- TASK INPUTS:
--

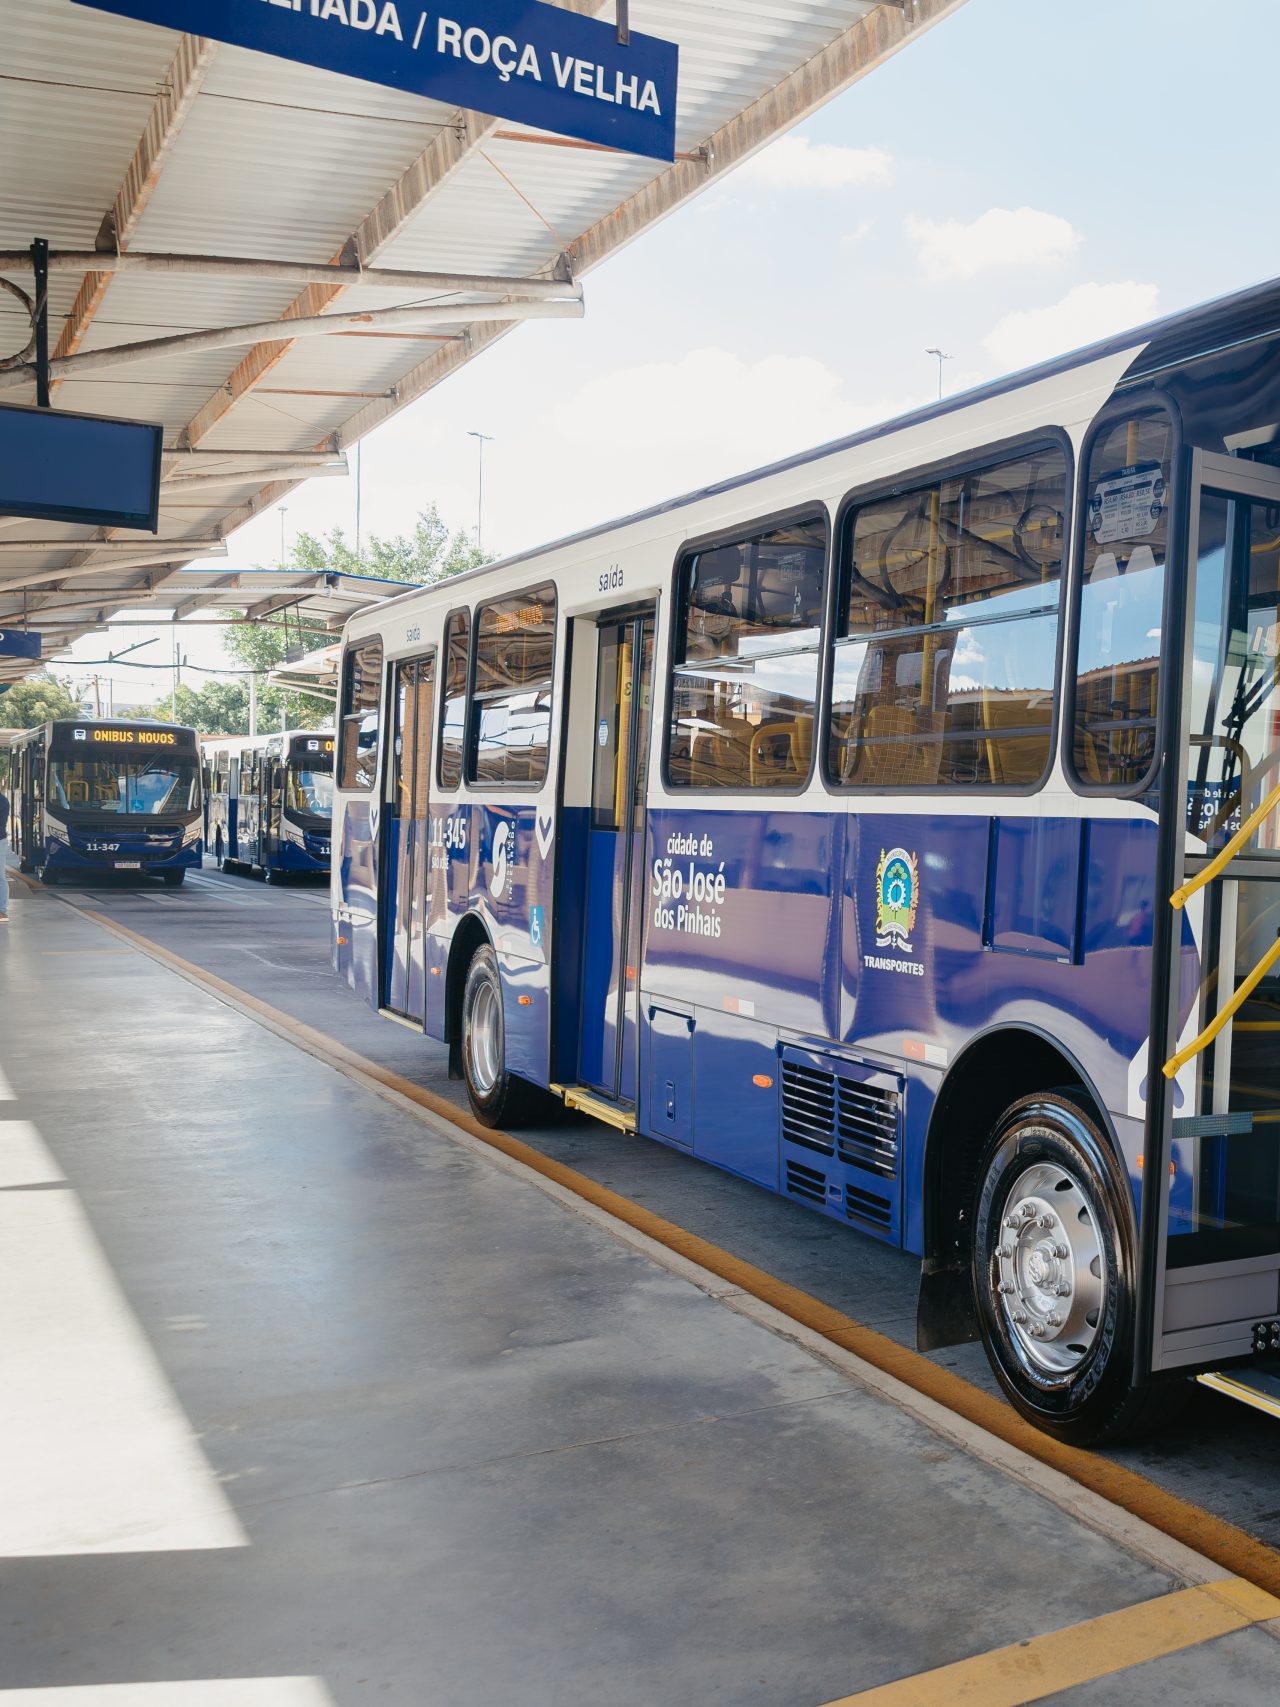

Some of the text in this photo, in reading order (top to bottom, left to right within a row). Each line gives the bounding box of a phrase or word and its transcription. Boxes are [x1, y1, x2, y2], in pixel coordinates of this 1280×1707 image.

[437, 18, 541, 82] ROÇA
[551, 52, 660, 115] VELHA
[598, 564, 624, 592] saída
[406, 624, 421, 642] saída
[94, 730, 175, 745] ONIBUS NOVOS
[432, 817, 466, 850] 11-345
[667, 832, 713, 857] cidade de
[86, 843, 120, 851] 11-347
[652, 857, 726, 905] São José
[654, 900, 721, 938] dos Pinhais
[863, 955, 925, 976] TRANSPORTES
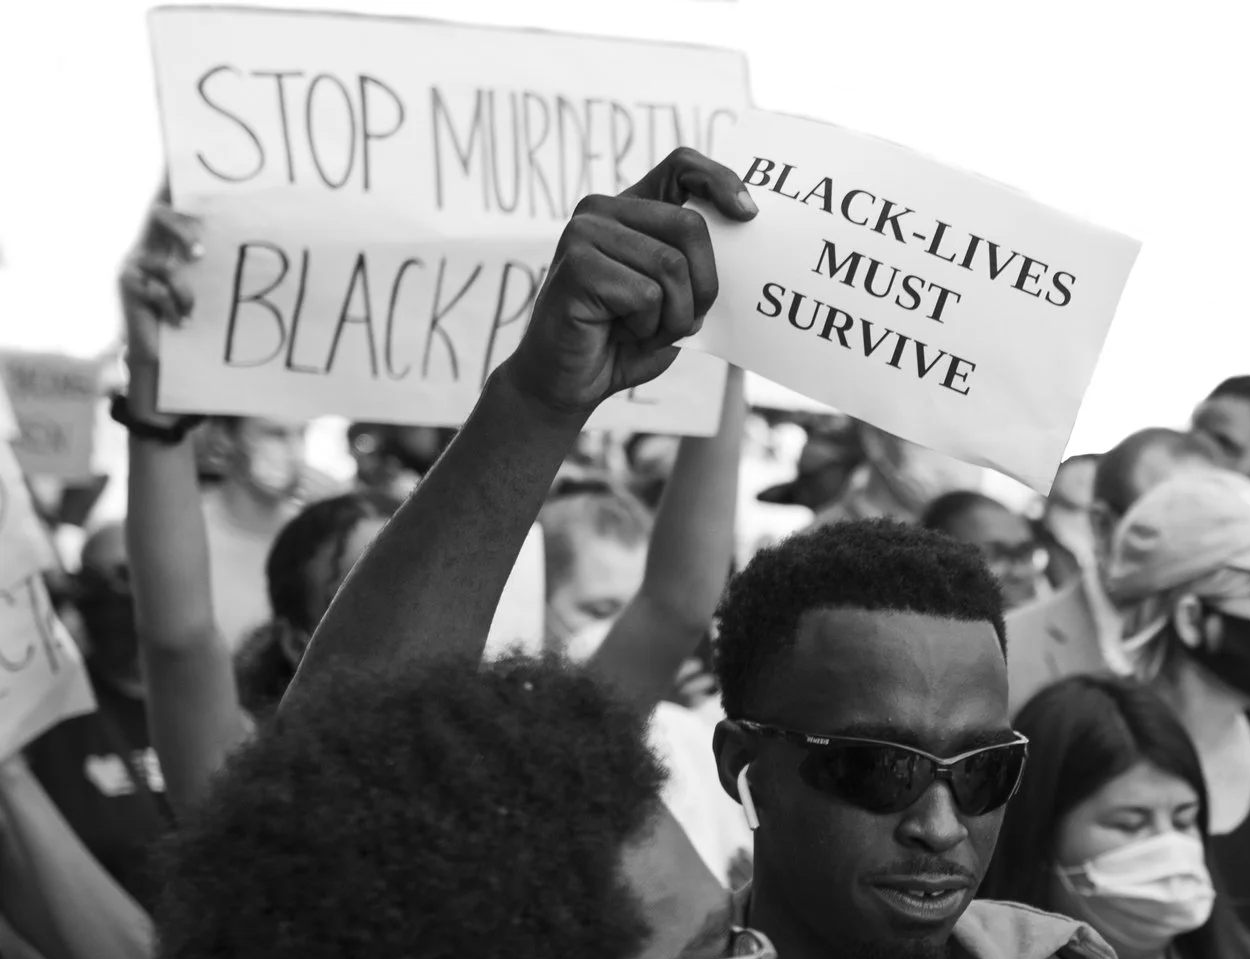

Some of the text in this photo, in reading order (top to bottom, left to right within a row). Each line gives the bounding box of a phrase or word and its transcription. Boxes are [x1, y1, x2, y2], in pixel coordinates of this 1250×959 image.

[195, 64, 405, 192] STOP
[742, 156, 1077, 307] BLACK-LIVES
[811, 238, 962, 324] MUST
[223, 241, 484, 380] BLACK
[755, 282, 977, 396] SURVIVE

--

- TASK BRIEF: Copy out all the data above exactly as written. Skip the pictures.

- SOLUTION BELOW:
Some of the text in this photo, in reading order (top to bottom, left to right within a row). Each line gives the bounding box of a phrase or word and its transcription. Boxes are [x1, y1, x2, y2], in pixel coordinates of this 1280×1707 image.

[437, 18, 541, 82] ROÇA
[551, 52, 660, 115] VELHA
[598, 564, 624, 592] saída
[406, 624, 421, 642] saída
[94, 730, 175, 745] ONIBUS NOVOS
[432, 817, 466, 850] 11-345
[667, 832, 713, 857] cidade de
[86, 843, 120, 851] 11-347
[652, 857, 726, 905] São José
[654, 900, 721, 938] dos Pinhais
[863, 955, 925, 976] TRANSPORTES

Some of the text in this photo, in reading order (top to bottom, left to right within a row). Each line gives the bounding box of a phrase or word and its transcription. Boxes are [x1, y1, x2, y2], in pixel coordinates of this 1250×959 image.

[195, 64, 405, 192] STOP
[742, 156, 1077, 307] BLACK-LIVES
[811, 238, 962, 324] MUST
[223, 241, 484, 380] BLACK
[755, 282, 977, 396] SURVIVE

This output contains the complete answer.